How to complete this task: Return every record exactly as written.

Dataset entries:
━━━━━━━━━━━━━━━━
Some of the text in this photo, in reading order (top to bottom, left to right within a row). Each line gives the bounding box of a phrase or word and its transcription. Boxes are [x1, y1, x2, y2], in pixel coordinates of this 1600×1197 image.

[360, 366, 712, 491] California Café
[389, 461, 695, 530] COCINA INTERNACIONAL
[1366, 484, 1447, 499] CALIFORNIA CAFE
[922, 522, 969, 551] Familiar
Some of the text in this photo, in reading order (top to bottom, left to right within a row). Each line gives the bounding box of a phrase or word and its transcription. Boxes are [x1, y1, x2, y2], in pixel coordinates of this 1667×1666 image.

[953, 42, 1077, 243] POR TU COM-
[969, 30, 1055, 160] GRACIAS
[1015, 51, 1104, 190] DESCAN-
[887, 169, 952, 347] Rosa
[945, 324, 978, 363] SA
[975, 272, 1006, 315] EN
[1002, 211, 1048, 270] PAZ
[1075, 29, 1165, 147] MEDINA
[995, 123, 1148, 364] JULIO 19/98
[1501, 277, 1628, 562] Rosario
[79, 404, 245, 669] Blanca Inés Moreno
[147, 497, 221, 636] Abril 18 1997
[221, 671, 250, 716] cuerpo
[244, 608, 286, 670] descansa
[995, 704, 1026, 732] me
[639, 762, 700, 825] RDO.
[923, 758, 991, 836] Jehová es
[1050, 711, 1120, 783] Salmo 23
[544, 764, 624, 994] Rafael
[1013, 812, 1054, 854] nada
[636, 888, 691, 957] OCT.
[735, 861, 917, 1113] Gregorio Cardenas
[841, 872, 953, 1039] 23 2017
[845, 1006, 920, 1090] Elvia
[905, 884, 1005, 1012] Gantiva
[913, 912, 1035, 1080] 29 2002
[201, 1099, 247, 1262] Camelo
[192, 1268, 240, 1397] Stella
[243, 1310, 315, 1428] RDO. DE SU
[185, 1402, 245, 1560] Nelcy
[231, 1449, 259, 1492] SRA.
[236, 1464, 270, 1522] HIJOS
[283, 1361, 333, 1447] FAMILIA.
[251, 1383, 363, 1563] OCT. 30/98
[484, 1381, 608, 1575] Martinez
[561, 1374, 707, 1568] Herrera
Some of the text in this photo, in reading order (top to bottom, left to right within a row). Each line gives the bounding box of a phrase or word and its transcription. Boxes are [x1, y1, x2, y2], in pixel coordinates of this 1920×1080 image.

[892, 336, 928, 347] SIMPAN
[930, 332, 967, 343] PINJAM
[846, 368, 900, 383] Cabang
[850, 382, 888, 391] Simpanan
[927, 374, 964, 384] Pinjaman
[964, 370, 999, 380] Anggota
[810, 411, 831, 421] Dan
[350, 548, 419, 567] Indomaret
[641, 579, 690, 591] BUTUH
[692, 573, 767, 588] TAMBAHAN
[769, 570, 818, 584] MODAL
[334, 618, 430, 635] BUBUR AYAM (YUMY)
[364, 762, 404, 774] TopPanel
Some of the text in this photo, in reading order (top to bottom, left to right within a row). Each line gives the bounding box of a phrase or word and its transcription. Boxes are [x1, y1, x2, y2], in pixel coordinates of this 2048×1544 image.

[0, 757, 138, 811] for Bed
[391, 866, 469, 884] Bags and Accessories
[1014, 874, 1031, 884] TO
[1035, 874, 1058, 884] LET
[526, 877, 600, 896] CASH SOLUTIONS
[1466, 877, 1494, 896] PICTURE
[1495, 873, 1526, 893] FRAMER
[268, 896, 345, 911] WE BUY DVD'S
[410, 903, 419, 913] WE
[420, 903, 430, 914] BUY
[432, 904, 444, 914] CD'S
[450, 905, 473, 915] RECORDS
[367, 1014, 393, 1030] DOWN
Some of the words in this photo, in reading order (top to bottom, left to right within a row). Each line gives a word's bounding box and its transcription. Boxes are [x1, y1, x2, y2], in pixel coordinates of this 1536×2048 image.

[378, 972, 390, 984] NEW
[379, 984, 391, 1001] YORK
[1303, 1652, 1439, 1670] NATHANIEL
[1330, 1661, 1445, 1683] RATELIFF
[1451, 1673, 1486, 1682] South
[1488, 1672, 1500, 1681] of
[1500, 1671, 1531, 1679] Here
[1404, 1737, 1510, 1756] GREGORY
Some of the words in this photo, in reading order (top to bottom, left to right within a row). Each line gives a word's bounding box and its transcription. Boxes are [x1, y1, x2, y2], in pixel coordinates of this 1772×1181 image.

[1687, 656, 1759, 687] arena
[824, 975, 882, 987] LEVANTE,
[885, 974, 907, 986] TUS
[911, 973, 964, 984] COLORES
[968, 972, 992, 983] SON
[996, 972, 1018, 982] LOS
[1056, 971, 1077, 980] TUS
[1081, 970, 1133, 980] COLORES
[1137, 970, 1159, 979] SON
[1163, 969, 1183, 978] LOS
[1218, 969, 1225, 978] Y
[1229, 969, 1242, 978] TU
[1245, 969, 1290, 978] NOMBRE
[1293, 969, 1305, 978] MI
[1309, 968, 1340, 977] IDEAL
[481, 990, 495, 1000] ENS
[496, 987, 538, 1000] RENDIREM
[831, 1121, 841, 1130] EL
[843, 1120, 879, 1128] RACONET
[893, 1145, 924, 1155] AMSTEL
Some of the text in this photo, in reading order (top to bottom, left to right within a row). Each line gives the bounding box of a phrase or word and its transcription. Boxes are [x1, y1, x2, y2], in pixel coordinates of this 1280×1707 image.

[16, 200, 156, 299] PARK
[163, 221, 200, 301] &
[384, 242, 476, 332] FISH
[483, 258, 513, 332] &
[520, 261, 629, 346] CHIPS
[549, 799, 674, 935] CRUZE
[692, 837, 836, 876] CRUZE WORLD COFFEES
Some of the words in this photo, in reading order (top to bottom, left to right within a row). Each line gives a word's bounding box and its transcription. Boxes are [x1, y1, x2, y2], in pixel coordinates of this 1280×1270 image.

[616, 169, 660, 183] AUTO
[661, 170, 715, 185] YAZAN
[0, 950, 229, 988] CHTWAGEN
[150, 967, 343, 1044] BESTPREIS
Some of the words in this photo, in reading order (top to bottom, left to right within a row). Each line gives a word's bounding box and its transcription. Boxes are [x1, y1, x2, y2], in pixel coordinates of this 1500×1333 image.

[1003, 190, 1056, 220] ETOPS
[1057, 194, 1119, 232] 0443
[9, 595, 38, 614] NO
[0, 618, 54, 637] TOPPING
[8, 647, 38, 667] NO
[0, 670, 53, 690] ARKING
━━━━━━━━━━━━━━━━
Task response:
Some of the text in this photo, in reading order (top to bottom, left to right within a row). Each line gives the bounding box of a phrase or word and its transcription. Boxes are [x1, y1, x2, y2], in pixel coordinates of this 1600×1197 image.

[360, 366, 712, 491] California Café
[389, 461, 695, 530] COCINA INTERNACIONAL
[1366, 484, 1447, 499] CALIFORNIA CAFE
[922, 522, 969, 551] Familiar
Some of the text in this photo, in reading order (top to bottom, left to right within a row). Each line gives the bounding box of a phrase or word and its transcription. Boxes are [x1, y1, x2, y2], in pixel coordinates of this 1667×1666 image.

[953, 42, 1077, 243] POR TU COM-
[969, 30, 1055, 160] GRACIAS
[1015, 51, 1104, 190] DESCAN-
[887, 169, 952, 347] Rosa
[945, 324, 978, 363] SA
[975, 272, 1006, 315] EN
[1002, 211, 1048, 270] PAZ
[1075, 29, 1165, 147] MEDINA
[995, 123, 1148, 364] JULIO 19/98
[1501, 277, 1628, 562] Rosario
[79, 404, 245, 669] Blanca Inés Moreno
[147, 497, 221, 636] Abril 18 1997
[221, 671, 250, 716] cuerpo
[244, 608, 286, 670] descansa
[995, 704, 1026, 732] me
[639, 762, 700, 825] RDO.
[923, 758, 991, 836] Jehová es
[1050, 711, 1120, 783] Salmo 23
[544, 764, 624, 994] Rafael
[1013, 812, 1054, 854] nada
[636, 888, 691, 957] OCT.
[735, 861, 917, 1113] Gregorio Cardenas
[841, 872, 953, 1039] 23 2017
[845, 1006, 920, 1090] Elvia
[905, 884, 1005, 1012] Gantiva
[913, 912, 1035, 1080] 29 2002
[201, 1099, 247, 1262] Camelo
[192, 1268, 240, 1397] Stella
[243, 1310, 315, 1428] RDO. DE SU
[185, 1402, 245, 1560] Nelcy
[231, 1449, 259, 1492] SRA.
[236, 1464, 270, 1522] HIJOS
[283, 1361, 333, 1447] FAMILIA.
[251, 1383, 363, 1563] OCT. 30/98
[484, 1381, 608, 1575] Martinez
[561, 1374, 707, 1568] Herrera
Some of the text in this photo, in reading order (top to bottom, left to right within a row). Each line gives the bounding box of a phrase or word and its transcription. Boxes are [x1, y1, x2, y2], in pixel coordinates of this 1920×1080 image.

[892, 336, 928, 347] SIMPAN
[930, 332, 967, 343] PINJAM
[846, 368, 900, 383] Cabang
[850, 382, 888, 391] Simpanan
[927, 374, 964, 384] Pinjaman
[964, 370, 999, 380] Anggota
[810, 411, 831, 421] Dan
[350, 548, 419, 567] Indomaret
[641, 579, 690, 591] BUTUH
[692, 573, 767, 588] TAMBAHAN
[769, 570, 818, 584] MODAL
[334, 618, 430, 635] BUBUR AYAM (YUMY)
[364, 762, 404, 774] TopPanel
Some of the text in this photo, in reading order (top to bottom, left to right within a row). Each line gives the bounding box of a phrase or word and its transcription. Boxes are [x1, y1, x2, y2], in pixel coordinates of this 2048×1544 image.

[0, 757, 138, 811] for Bed
[391, 866, 469, 884] Bags and Accessories
[1014, 874, 1031, 884] TO
[1035, 874, 1058, 884] LET
[526, 877, 600, 896] CASH SOLUTIONS
[1466, 877, 1494, 896] PICTURE
[1495, 873, 1526, 893] FRAMER
[268, 896, 345, 911] WE BUY DVD'S
[410, 903, 419, 913] WE
[420, 903, 430, 914] BUY
[432, 904, 444, 914] CD'S
[450, 905, 473, 915] RECORDS
[367, 1014, 393, 1030] DOWN
Some of the words in this photo, in reading order (top to bottom, left to right within a row). Each line gives a word's bounding box and its transcription. Boxes are [x1, y1, x2, y2], in pixel coordinates of this 1536×2048 image.

[378, 972, 390, 984] NEW
[379, 984, 391, 1001] YORK
[1303, 1652, 1439, 1670] NATHANIEL
[1330, 1661, 1445, 1683] RATELIFF
[1451, 1673, 1486, 1682] South
[1488, 1672, 1500, 1681] of
[1500, 1671, 1531, 1679] Here
[1404, 1737, 1510, 1756] GREGORY
Some of the words in this photo, in reading order (top to bottom, left to right within a row). Each line gives a word's bounding box and its transcription. Boxes are [x1, y1, x2, y2], in pixel coordinates of this 1772×1181 image.

[1687, 656, 1759, 687] arena
[824, 975, 882, 987] LEVANTE,
[885, 974, 907, 986] TUS
[911, 973, 964, 984] COLORES
[968, 972, 992, 983] SON
[996, 972, 1018, 982] LOS
[1056, 971, 1077, 980] TUS
[1081, 970, 1133, 980] COLORES
[1137, 970, 1159, 979] SON
[1163, 969, 1183, 978] LOS
[1218, 969, 1225, 978] Y
[1229, 969, 1242, 978] TU
[1245, 969, 1290, 978] NOMBRE
[1293, 969, 1305, 978] MI
[1309, 968, 1340, 977] IDEAL
[481, 990, 495, 1000] ENS
[496, 987, 538, 1000] RENDIREM
[831, 1121, 841, 1130] EL
[843, 1120, 879, 1128] RACONET
[893, 1145, 924, 1155] AMSTEL
Some of the text in this photo, in reading order (top to bottom, left to right within a row). Each line gives the bounding box of a phrase or word and its transcription. Boxes are [x1, y1, x2, y2], in pixel coordinates of this 1280×1707 image.

[16, 200, 156, 299] PARK
[163, 221, 200, 301] &
[384, 242, 476, 332] FISH
[483, 258, 513, 332] &
[520, 261, 629, 346] CHIPS
[549, 799, 674, 935] CRUZE
[692, 837, 836, 876] CRUZE WORLD COFFEES
Some of the words in this photo, in reading order (top to bottom, left to right within a row). Each line gives a word's bounding box and its transcription. Boxes are [x1, y1, x2, y2], in pixel coordinates of this 1280×1270 image.

[616, 169, 660, 183] AUTO
[661, 170, 715, 185] YAZAN
[0, 950, 229, 988] CHTWAGEN
[150, 967, 343, 1044] BESTPREIS
Some of the words in this photo, in reading order (top to bottom, left to right within a row). Each line gives a word's bounding box and its transcription. Boxes are [x1, y1, x2, y2], in pixel coordinates of this 1500×1333 image.

[1003, 190, 1056, 220] ETOPS
[1057, 194, 1119, 232] 0443
[9, 595, 38, 614] NO
[0, 618, 54, 637] TOPPING
[8, 647, 38, 667] NO
[0, 670, 53, 690] ARKING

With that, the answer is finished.